![[personal profile]](https://www.dreamwidth.org/img/silk/identity/user.png)
An Alberta trying to expand American interest in its oil sands may be finding out what Québec learned in the early 1990s when it tried to expand Hydro-Québec's electricity exports to the United States using new dams in its north, that opposition from First Nations may complicate matters enormously.
In the ongoing battle to sway American opinion about Canada’s vast oil sands, Alberta Premier Ed Stelmach scored a public relations coup last week when he hosted three U.S. senators on a tour of some of the biggest projects around the northern Alberta community of Fort McMurray.
South Carolina Senator Lindsay Graham returned to Washington with a glowing report, declaring Canadian oil “reliable, safe and secure” and vowing to do “everything I can” to ensure there are no obstacles to its future production and export to the U.S. market.

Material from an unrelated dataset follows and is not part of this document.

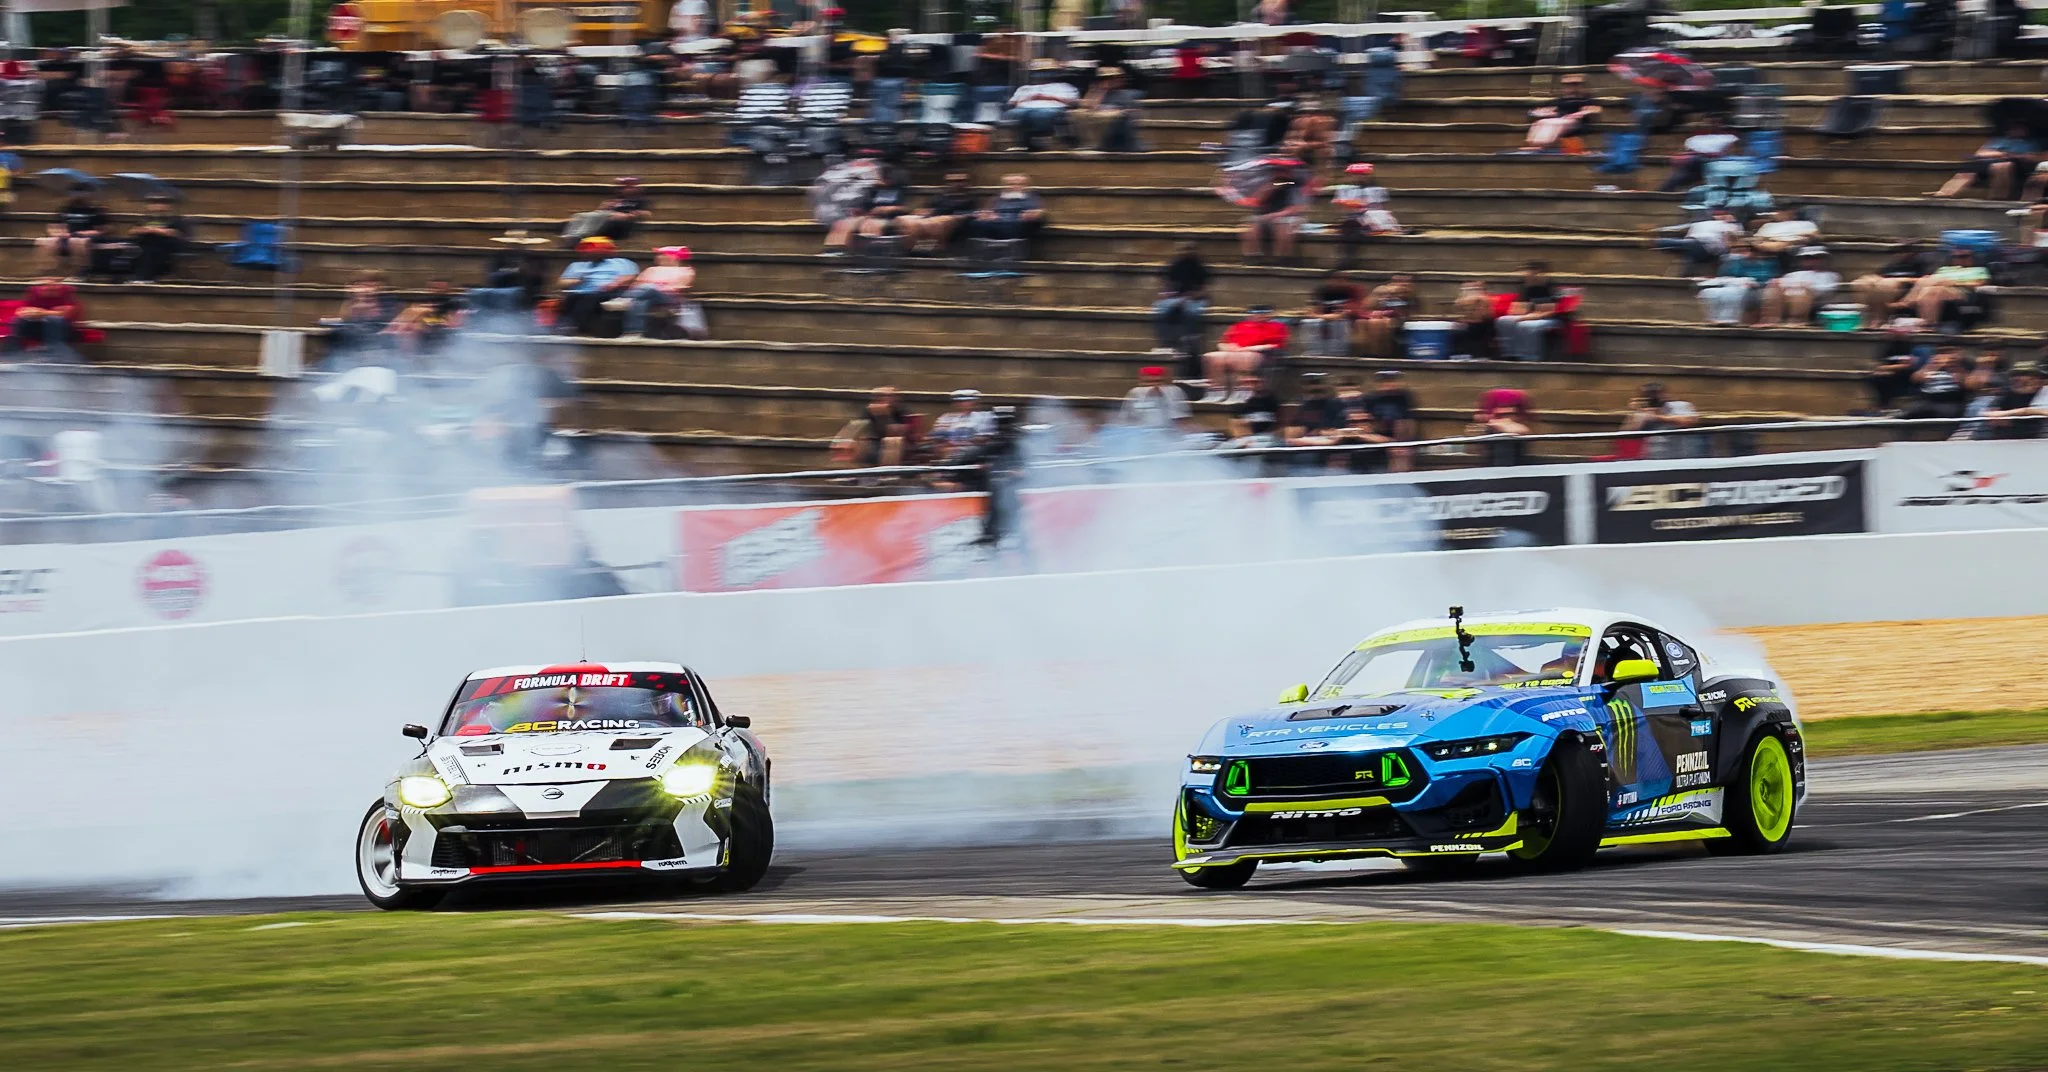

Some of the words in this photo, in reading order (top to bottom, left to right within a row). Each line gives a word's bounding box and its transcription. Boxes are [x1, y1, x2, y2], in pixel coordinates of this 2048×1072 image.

But First Nations leaders who oppose expansion of the oil sands say the senators got a distorted view — one that excluded their concerns about potential health and environmental damage that more development will inflict on their communities.

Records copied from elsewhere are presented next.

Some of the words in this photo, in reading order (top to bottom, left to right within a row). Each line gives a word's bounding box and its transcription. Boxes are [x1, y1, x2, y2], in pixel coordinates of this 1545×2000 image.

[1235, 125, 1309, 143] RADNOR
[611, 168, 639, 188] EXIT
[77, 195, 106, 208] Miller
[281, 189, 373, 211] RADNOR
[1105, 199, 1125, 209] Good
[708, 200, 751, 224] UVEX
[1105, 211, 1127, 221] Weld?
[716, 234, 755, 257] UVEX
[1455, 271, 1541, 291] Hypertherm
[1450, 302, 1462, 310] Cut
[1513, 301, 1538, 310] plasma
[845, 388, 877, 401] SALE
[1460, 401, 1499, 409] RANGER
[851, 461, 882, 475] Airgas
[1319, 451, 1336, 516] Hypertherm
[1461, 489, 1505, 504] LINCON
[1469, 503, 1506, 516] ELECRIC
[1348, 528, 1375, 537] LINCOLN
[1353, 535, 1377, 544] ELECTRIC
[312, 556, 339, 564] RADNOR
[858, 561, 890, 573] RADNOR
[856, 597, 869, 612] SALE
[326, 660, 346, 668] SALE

“I think it’s a very sad commentary that [we] have to leave our own homelands to impress upon other countries the significance of our challenges and the treatment we are receiving,” George Poitras, a former chief of the Mikisew Cree First Nation at Fort Chipewyan, Alta., said Wednesday in Washington.
Poitras was part of a First Nations delegation that concluded a three-day visit to the U.S. capital aimed at persuading the Obama administration to block a proposal by Calgary-based TransCanada Corp. to build a new pipeline that would carry oil from northern Alberta to the Gulf Coast.